On the 40th anniversary of the Supreme Court ruling, Vanity Fair called McCorvey an “accidental activist”:

Young Norma McCorvey had not wanted to further a cause; she had simply wanted an abortion and could not get one in Texas. Even after she became a plaintiff, plucked from obscurity through little agency of her own, she never did get that abortion. McCorvey thus became, ironically, a symbol of the right to a procedure that she herself never underwent. And in the decades since the Roe decision divided the country, the issue of abortion divided McCorvey too. She started out staunchly pro-choice. She is now just as staunchly pro-life.

As Vanity Fair noted, the Supreme Court has gradually become more conservative on the issue, too, dropping to 5–4 in rulings in recent years.

And women’s rights to make their own decisions over their bodies and their health have consistently been under attack by religious extremists and conservative Republicans in recent years.

In a Jan. 5 story, Fusion’s Katie McDonough wrote:

House Speaker Paul Ryan told reporters on Thursday that the budget reconciliation bill currently being drafted to repeal major provisions of the Affordable Care Act will also include language to block Medicaid reimbursements and Title X family planning grants to Planned Parenthood.

Last December, McCorvey’s home state of Texas issued a final notice to exclude Planned Parenthood’s 34 affiliate clinics from the state-funded health program.
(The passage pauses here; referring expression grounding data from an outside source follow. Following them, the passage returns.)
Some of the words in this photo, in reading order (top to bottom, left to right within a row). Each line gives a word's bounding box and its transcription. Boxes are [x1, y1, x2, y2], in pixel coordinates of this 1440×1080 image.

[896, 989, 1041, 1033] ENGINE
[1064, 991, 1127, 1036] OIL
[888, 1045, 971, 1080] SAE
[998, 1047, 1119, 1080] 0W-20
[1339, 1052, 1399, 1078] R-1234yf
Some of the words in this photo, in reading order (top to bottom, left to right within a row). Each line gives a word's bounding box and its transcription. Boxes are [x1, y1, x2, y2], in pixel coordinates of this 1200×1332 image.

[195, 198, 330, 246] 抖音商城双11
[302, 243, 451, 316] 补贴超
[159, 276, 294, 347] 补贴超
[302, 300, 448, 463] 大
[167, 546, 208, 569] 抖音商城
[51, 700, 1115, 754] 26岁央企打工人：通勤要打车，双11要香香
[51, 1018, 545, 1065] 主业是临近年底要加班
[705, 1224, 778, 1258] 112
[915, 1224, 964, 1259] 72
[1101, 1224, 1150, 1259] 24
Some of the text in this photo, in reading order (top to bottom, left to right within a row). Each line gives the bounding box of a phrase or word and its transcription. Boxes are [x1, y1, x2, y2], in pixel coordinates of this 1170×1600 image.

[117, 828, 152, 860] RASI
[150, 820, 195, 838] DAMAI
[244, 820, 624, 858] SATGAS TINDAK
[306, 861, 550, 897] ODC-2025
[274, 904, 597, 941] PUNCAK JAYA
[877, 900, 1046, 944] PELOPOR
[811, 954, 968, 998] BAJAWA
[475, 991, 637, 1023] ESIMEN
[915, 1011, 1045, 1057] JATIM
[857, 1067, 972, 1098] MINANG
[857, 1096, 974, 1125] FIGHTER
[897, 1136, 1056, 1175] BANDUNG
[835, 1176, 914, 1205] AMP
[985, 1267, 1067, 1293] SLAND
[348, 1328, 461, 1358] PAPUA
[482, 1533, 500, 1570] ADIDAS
That could compromise access to reproductive healthcare and family planning services for 11,000 low-income people, McDonough reported in an earlier story.

According to that story:

The state slashed family planning grants and redirected funds away from the provider back in 2011, causing more than 80 reproductive health clinics, one-third of which were Planned Parenthood affiliates, to close their doors. Then, in 2013, the state excluded Planned Parenthood from its fee-for-service family planning program—a Medicaid reimbursement system that pays providers a specific rate for services like an office visit or a test—forcing people to seek out other providers and further gutting access.

Earlier this week, Fusion’s Nidhi Prakash reported that abortion clinics are facing more violent threats now than they have in the past 20 years. According to a recent study, the number of abortion providers who reported being targeted for “severe violence or threats of violence” nearly doubled from 19.7% in the first half of 2014 to 34.2% in the first half of 2016, according to the Feminist Majority Foundation.